The task: Write the entries out again in full and unchanged, dropping every image.

Recorded data:
BEGIN

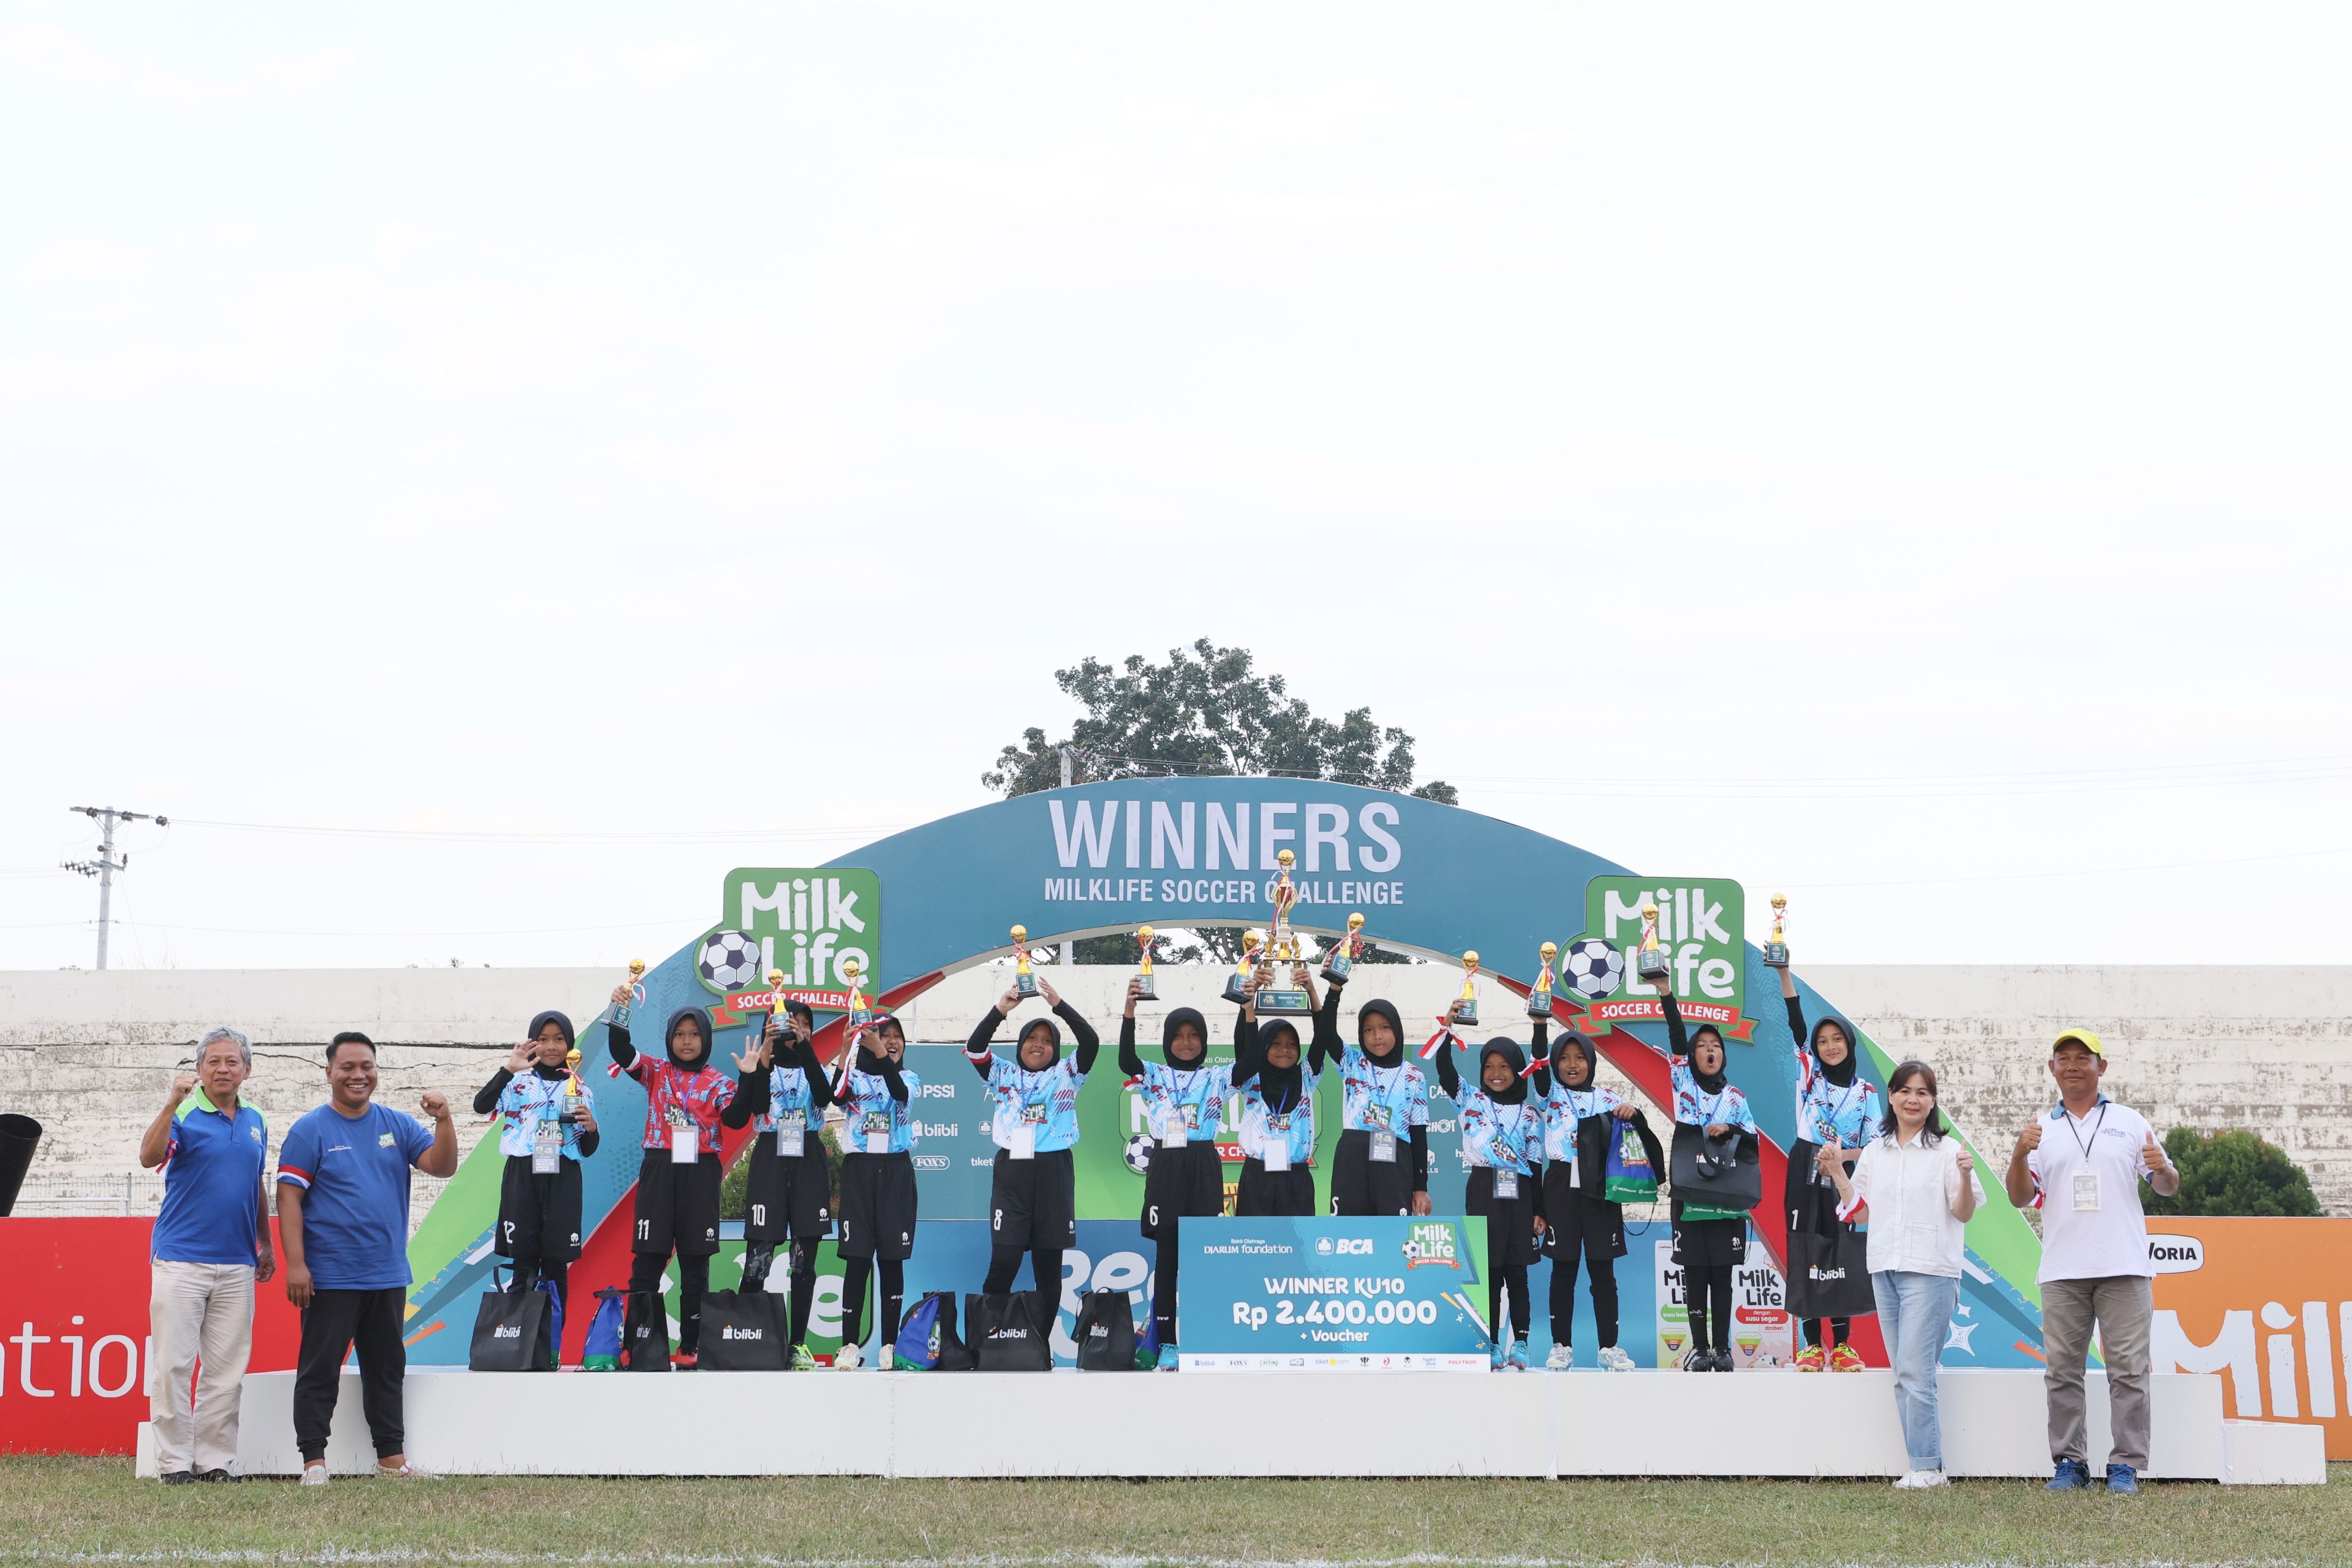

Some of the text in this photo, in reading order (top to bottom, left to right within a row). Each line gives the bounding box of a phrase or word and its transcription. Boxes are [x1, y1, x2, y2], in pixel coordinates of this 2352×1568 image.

[1048, 800, 1401, 873] WINNERS
[1044, 878, 1404, 905] MILKLIFE SOCCER CALLENGE
[741, 878, 865, 933] Milk
[1604, 887, 1731, 945] Milk
[761, 933, 870, 988] Life
[1602, 1003, 1652, 1018] SOCCER
[923, 1084, 955, 1098] PSSI
[925, 1123, 958, 1137] blibli
[752, 1204, 765, 1226] 10
[994, 1209, 1003, 1231] 8
[1150, 1205, 1158, 1226] 6
[1792, 1209, 1799, 1231] 1
[503, 1221, 515, 1244] 12
[638, 1219, 650, 1240] 11
[843, 1221, 849, 1242] 9
[1414, 1224, 1452, 1241] Milk
[1204, 1244, 1292, 1254] DJARUM foundation
[1336, 1239, 1373, 1254] BCA
[1421, 1241, 1454, 1257] Life
[1674, 1230, 1681, 1252] 2
[1739, 1269, 1779, 1287] Milk
[1819, 1267, 1845, 1281] blibli
[1263, 1277, 1405, 1300] WINNER KU10
[1746, 1288, 1782, 1306] Life
[1232, 1299, 1437, 1331] Rp 2.400.000
[734, 1328, 762, 1340] blibli
[999, 1329, 1027, 1339] blibli
[1311, 1330, 1369, 1342] Voucher

END

Solution to this task:
Some of the text in this photo, in reading order (top to bottom, left to right within a row). Each line gives the bounding box of a phrase or word and its transcription. Boxes are [x1, y1, x2, y2], in pixel coordinates of this 2352×1568 image.

[1048, 800, 1401, 873] WINNERS
[1044, 878, 1404, 905] MILKLIFE SOCCER CALLENGE
[741, 878, 865, 933] Milk
[1604, 887, 1731, 945] Milk
[761, 933, 870, 988] Life
[1602, 1003, 1652, 1018] SOCCER
[923, 1084, 955, 1098] PSSI
[925, 1123, 958, 1137] blibli
[752, 1204, 765, 1226] 10
[994, 1209, 1003, 1231] 8
[1150, 1205, 1158, 1226] 6
[1792, 1209, 1799, 1231] 1
[503, 1221, 515, 1244] 12
[638, 1219, 650, 1240] 11
[843, 1221, 849, 1242] 9
[1414, 1224, 1452, 1241] Milk
[1204, 1244, 1292, 1254] DJARUM foundation
[1336, 1239, 1373, 1254] BCA
[1421, 1241, 1454, 1257] Life
[1674, 1230, 1681, 1252] 2
[1739, 1269, 1779, 1287] Milk
[1819, 1267, 1845, 1281] blibli
[1263, 1277, 1405, 1300] WINNER KU10
[1746, 1288, 1782, 1306] Life
[1232, 1299, 1437, 1331] Rp 2.400.000
[734, 1328, 762, 1340] blibli
[999, 1329, 1027, 1339] blibli
[1311, 1330, 1369, 1342] Voucher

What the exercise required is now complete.